**What this task involves:** Make a verbatim copy of the entries below; pictures stay out.
----------
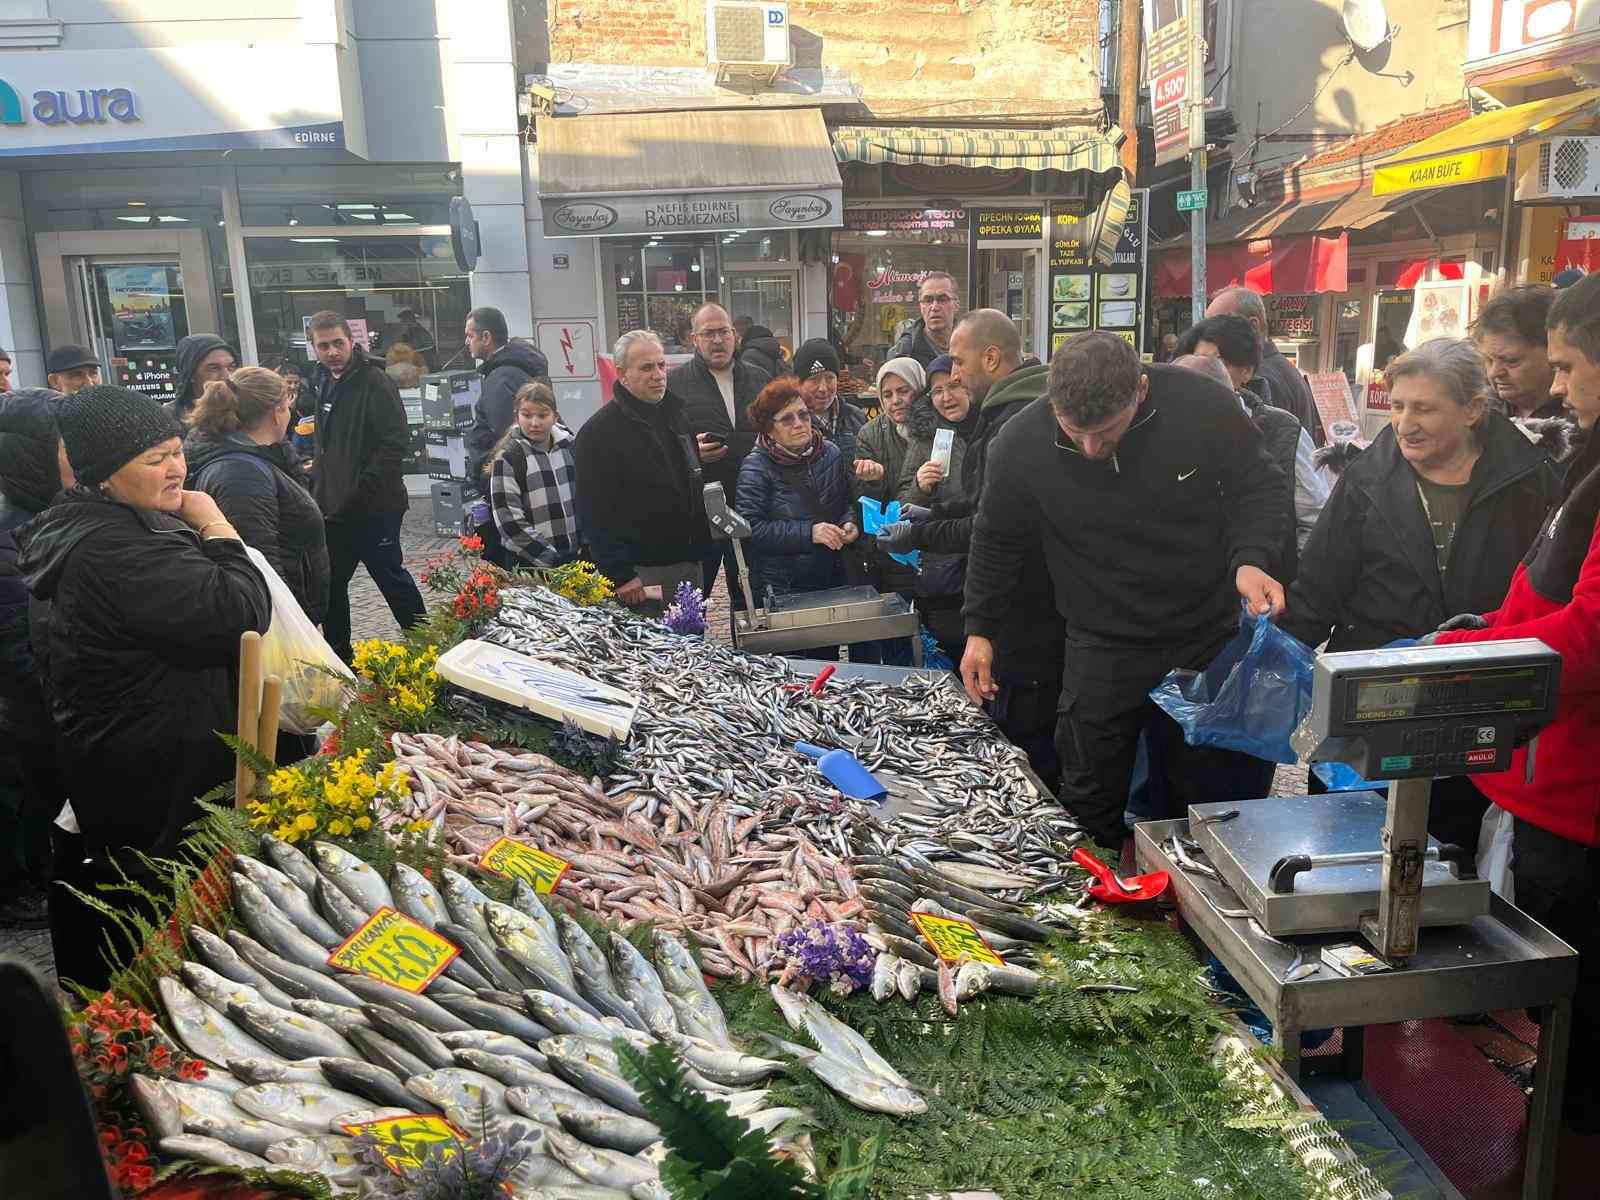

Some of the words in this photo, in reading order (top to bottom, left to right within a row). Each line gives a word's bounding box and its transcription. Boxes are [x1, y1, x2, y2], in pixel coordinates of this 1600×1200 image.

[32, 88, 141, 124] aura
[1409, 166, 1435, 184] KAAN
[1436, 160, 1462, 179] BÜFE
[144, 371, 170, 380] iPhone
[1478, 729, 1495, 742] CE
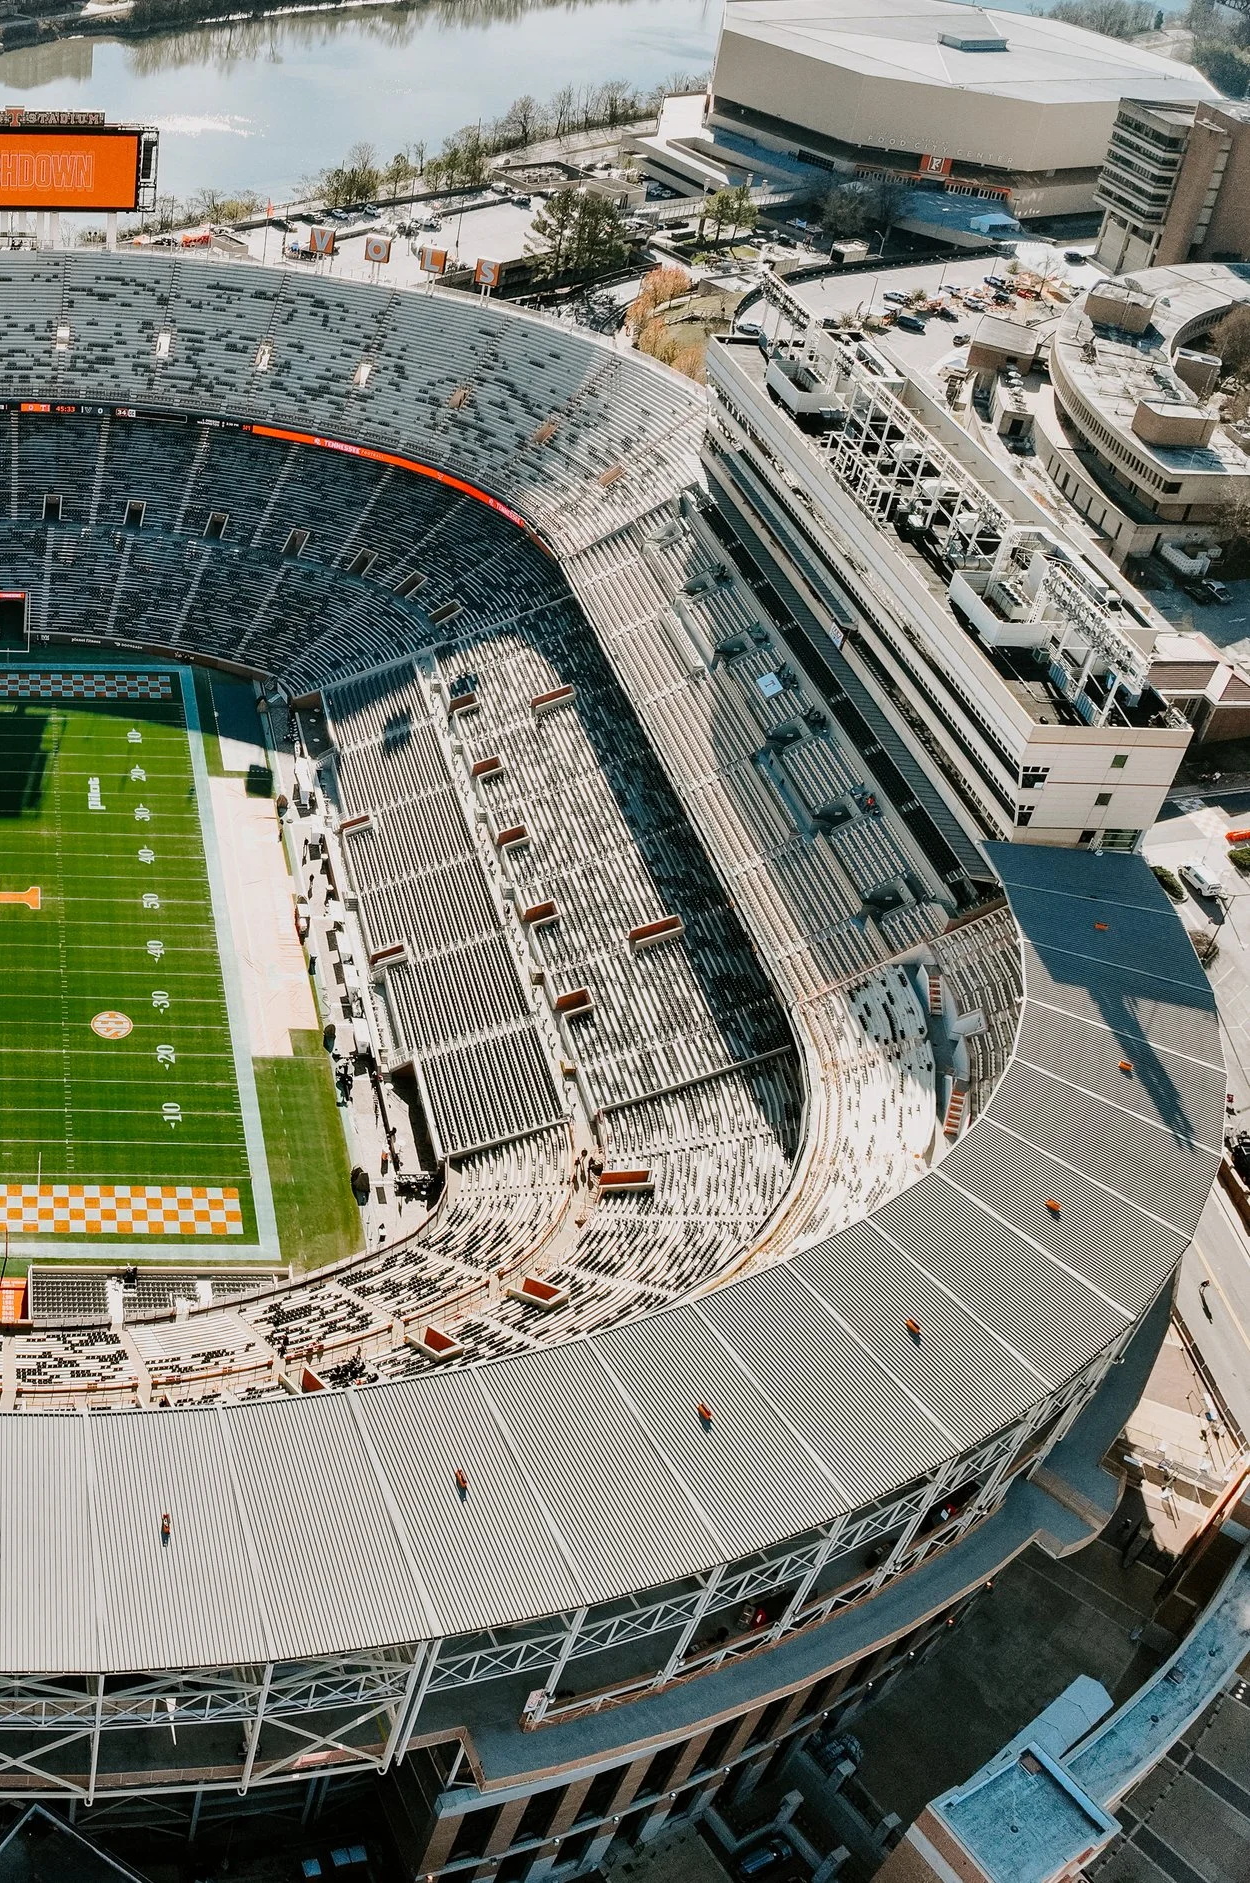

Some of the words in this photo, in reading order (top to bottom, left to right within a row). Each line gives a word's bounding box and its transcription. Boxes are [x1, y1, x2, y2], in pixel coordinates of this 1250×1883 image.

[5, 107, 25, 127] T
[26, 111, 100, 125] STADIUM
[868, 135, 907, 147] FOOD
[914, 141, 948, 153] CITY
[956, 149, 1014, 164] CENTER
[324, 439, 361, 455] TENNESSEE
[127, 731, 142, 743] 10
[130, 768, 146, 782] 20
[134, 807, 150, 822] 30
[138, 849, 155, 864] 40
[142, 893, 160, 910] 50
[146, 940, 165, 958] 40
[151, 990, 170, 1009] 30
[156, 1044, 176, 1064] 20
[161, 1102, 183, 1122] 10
----------
**Response for this exercise:**
Some of the words in this photo, in reading order (top to bottom, left to right within a row). Each line gives a word's bounding box and its transcription. Boxes are [x1, y1, x2, y2], in pixel coordinates of this 1600×1200 image.

[32, 88, 141, 124] aura
[1409, 166, 1435, 184] KAAN
[1436, 160, 1462, 179] BÜFE
[144, 371, 170, 380] iPhone
[1478, 729, 1495, 742] CE

Some of the words in this photo, in reading order (top to bottom, left to right within a row). Each line gives a word's bounding box and its transcription. Boxes are [x1, y1, x2, y2], in pixel coordinates of this 1250×1883 image.

[5, 107, 25, 127] T
[26, 111, 100, 125] STADIUM
[868, 135, 907, 147] FOOD
[914, 141, 948, 153] CITY
[956, 149, 1014, 164] CENTER
[324, 439, 361, 455] TENNESSEE
[127, 731, 142, 743] 10
[130, 768, 146, 782] 20
[134, 807, 150, 822] 30
[138, 849, 155, 864] 40
[142, 893, 160, 910] 50
[146, 940, 165, 958] 40
[151, 990, 170, 1009] 30
[156, 1044, 176, 1064] 20
[161, 1102, 183, 1122] 10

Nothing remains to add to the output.